Owens later developed other, more sophisticated (and more automated) pollution measuring devices, including one based on a siphon and, in 1921, another, known as the jet dust counter, that accelerated air samples toward glass slides so the composition of pollution could be studied under a microscope. Two of Owens' inventions were patented in Britain as "An Instrument for Measuring the Density of Smoke from Factory and other Chimneys" (1911) and "Apparatus for Measuring the Amount of Suspended Impurity in the Air" (1914); Owens held around 30 other British patents for devices as varied as concrete mixers, bomb throwers, sheet pilers, and various forms of sea defence.

Owens' jet dust counter was one of the first instruments to demonstrate that air pollution could travel over long distances. In his description of the invention, he speculated that the particles he observed in England might have been "derived from the smoke of Continental fires... it appears highly probable that the great industrial effort now being made by Germany is, under certain conditions, responsible for a fair proportion of the suspended impurity in the air over this country". Unlike the deposit gauge, Owens' jet dust counter was largely neglected – and, with it, the idea of long-distance pollution as an international problem. According to pollution scientist Gary Fuller, Owens was years ahead of his time: "If Owens' device had been perfected, we might have taken early steps to control UK coal burning to prevent Scandinavia's acid rain crisis of the 1970s and 1980s, and action to avoid the air pollution that still covers western Europe each spring and summer."

==Death and legacy==

On Owens' death in 1941, an obituary in the science journal Nature described him as "a most useful and public-spirited man of science. For nearly thirty years Dr. Owens has been the moving spirit in the investigation of atmospheric pollution on its quantitative side. He devised the instruments in use, and co-ordinated, tabulated and prepared for publication all the data on which the progressive changes in the amount of pollution in the atmosphere are evaluated."
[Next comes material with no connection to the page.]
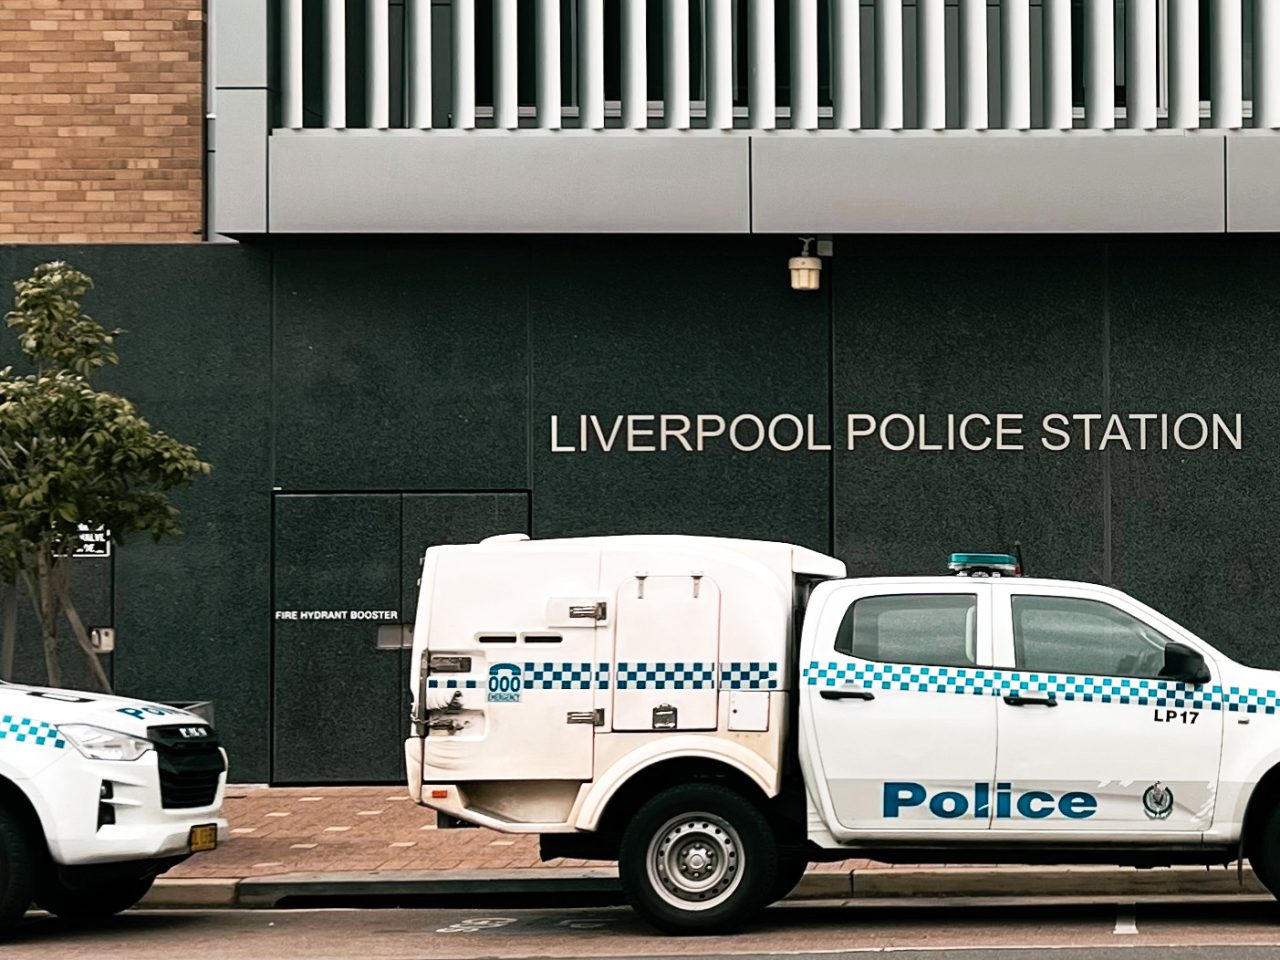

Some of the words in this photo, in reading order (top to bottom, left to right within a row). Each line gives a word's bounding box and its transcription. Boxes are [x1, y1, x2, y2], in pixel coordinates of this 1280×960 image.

The Royal Meteorological Society awarded Owens its Symons Gold Medal in 1942 in recognition of his air pollution work. The same year, Sir George Clark of the Royal Geographical Society also paid tribute to Owens and "his pioneer work in the study of atmospheric pollution and smoke-abatement".

In his 2018 book The Invisible Killer, scientist Gary Fuller argued that Owens was a crucial figure "who more than any other person would define the transformation of air pollution science from the haphazard investigations of Victorian gentlemen into a systematic national surveillance program..."

== Selected publications ==
- Owens, John Switzer (1909). "Coast Erosion and Foreshore Protection"
- Owens, John Switzer (1922). "Suspended Impurity in the Air"
- Shaw, Napier (1925). "The Smoke Problem of Great Cities"
- Owens, John Switzer (1925). "Modern Atmospheric Conditions: With Special Reference to London"
- Owens, John Switzer (1926). "Condensation of Water from the Air upon Hygroscopic Crystals"
- Owens, John Switzer (1932). "Smoke and Fumes Nuisance from Road Vehicles"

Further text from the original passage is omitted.